» Task details: Could you return all of the records exactly as they stand?

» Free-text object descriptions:

________

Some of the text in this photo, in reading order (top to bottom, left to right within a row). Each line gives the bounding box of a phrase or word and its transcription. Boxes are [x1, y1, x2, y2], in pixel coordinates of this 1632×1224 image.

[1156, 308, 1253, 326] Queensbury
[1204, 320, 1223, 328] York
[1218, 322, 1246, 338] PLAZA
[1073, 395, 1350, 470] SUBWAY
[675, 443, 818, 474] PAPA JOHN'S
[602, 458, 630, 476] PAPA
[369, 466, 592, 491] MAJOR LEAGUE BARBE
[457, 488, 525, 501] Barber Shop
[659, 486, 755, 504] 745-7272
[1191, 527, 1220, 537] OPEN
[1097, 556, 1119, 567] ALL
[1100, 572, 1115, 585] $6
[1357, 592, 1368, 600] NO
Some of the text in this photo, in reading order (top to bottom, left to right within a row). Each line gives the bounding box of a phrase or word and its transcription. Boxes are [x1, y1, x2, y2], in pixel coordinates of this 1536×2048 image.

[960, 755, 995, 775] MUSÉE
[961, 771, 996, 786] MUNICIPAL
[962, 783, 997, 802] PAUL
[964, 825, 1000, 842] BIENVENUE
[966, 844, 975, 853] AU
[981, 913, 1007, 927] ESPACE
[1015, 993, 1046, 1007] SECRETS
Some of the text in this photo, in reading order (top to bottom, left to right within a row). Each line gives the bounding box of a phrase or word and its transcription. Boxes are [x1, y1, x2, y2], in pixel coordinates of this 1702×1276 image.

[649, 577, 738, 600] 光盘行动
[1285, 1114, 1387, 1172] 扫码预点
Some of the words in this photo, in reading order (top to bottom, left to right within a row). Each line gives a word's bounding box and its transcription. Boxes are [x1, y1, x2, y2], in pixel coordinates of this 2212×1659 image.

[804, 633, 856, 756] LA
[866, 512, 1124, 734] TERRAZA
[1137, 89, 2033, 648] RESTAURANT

________

» Output for this exercise:
Some of the text in this photo, in reading order (top to bottom, left to right within a row). Each line gives the bounding box of a phrase or word and its transcription. Boxes are [x1, y1, x2, y2], in pixel coordinates of this 1632×1224 image.

[1156, 308, 1253, 326] Queensbury
[1204, 320, 1223, 328] York
[1218, 322, 1246, 338] PLAZA
[1073, 395, 1350, 470] SUBWAY
[675, 443, 818, 474] PAPA JOHN'S
[602, 458, 630, 476] PAPA
[369, 466, 592, 491] MAJOR LEAGUE BARBE
[457, 488, 525, 501] Barber Shop
[659, 486, 755, 504] 745-7272
[1191, 527, 1220, 537] OPEN
[1097, 556, 1119, 567] ALL
[1100, 572, 1115, 585] $6
[1357, 592, 1368, 600] NO
Some of the text in this photo, in reading order (top to bottom, left to right within a row). Each line gives the bounding box of a phrase or word and its transcription. Boxes are [x1, y1, x2, y2], in pixel coordinates of this 1536×2048 image.

[960, 755, 995, 775] MUSÉE
[961, 771, 996, 786] MUNICIPAL
[962, 783, 997, 802] PAUL
[964, 825, 1000, 842] BIENVENUE
[966, 844, 975, 853] AU
[981, 913, 1007, 927] ESPACE
[1015, 993, 1046, 1007] SECRETS
Some of the text in this photo, in reading order (top to bottom, left to right within a row). Each line gives the bounding box of a phrase or word and its transcription. Boxes are [x1, y1, x2, y2], in pixel coordinates of this 1702×1276 image.

[649, 577, 738, 600] 光盘行动
[1285, 1114, 1387, 1172] 扫码预点
Some of the words in this photo, in reading order (top to bottom, left to right within a row). Each line gives a word's bounding box and its transcription. Boxes are [x1, y1, x2, y2], in pixel coordinates of this 2212×1659 image.

[804, 633, 856, 756] LA
[866, 512, 1124, 734] TERRAZA
[1137, 89, 2033, 648] RESTAURANT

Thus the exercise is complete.